The definition of "Meaningful Use" in ARRA is one of the most critical decision points of the new administration's healthcare IT efforts. That definition will influence the types of products that will be implemented in clinician offices and the types of standards used for healthcare exchange to qualify for stimulus dollars.
For example, if meaningful use is defined as e-prescribing, then standalone products such as Dr. First's Rcopia could be used as part of a clinician's office compliance in lieu of a complete EHR.
If meaningful use is defined as the basics of ordering/viewing labs, then products like 4medica could constitute meaningful use.
If meaningful use requires sophisticated quality measurement, decision support, and workflow redesign to enhance efficiency, then a CCHIT certified comprehensive EHR may be required.
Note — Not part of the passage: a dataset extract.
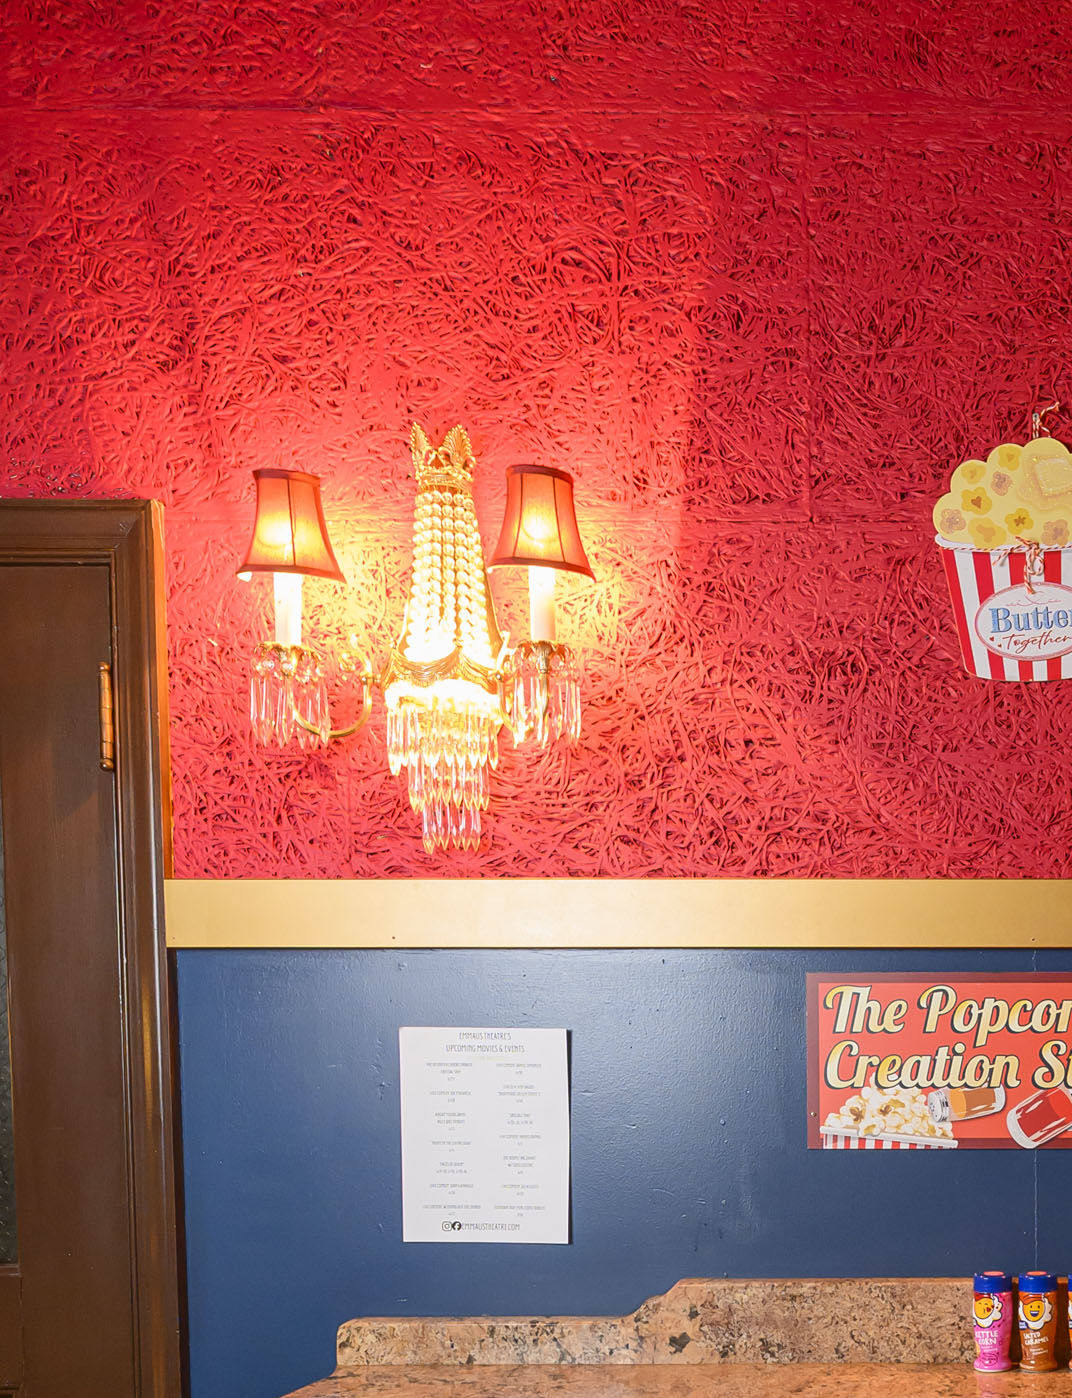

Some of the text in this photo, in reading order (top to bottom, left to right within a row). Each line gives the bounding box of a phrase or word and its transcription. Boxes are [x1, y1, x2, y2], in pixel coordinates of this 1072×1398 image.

My prediction of meaningful use is that it will focus on quality and efficiency. It will require electronic exchange of quality measures including process and outcome metrics. It will require coordination of care through the transmission of clinical summaries. It will require decision support driven medication management with comprehensive eRx implementation (eligibility, formulary, history, drug/drug interaction, routing, refills).
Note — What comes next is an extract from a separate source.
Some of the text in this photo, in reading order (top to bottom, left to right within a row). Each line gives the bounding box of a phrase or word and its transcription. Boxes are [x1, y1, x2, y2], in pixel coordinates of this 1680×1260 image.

Each year, the definition of meaningful use will be expanded, setting the bar higher and requiring more features and more data exchange.
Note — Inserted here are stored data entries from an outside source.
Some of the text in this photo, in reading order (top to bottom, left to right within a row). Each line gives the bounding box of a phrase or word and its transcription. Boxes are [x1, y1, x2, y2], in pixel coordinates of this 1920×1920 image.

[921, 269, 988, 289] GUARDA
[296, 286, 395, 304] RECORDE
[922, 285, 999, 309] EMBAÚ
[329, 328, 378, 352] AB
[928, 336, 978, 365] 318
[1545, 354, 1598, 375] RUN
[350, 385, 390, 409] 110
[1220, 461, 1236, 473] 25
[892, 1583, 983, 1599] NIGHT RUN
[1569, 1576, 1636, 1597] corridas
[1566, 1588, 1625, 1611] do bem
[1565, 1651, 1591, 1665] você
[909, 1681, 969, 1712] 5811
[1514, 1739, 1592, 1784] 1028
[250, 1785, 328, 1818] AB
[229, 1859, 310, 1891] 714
Thus, in the short term, meaningful use may be a combination of products or an EHR lite. However, over the longer term, a comprehensive EHR will be the best foundation for meaningful use.
The definition of "certified" is also important. Today, CCHIT includes those criteria that make an EHR capable of supporting an optimal set of functionality. If certification is redefined as a baseline set of functionality, then more basic EHR lites may meet the definition of "certified". If certification is based on the criteria as written today and the likely evolving criteria for usability and interoperability, then a comprehensive EHR will be the best foundation.
There are many stakeholders on both sides of this discussion. Small clinician offices with few resources want stand alone e-prescribing and lightweight EHRs to get them started on e-health. Hospitals, larger practices, population health experts, and researchers favor a more comprehensive EHR.
As background, here's the HIMSS strawman proposal for meaningful use.
The next few months will settle this question once and for all. If you have an opinion about meaningful use, I expect the first recommendations to come from the new HIT Policy Committee and possibly NCVHS, an existing FACA advising HHS. Participation in any call for public comment will be the best opportunity to contribute your opinion.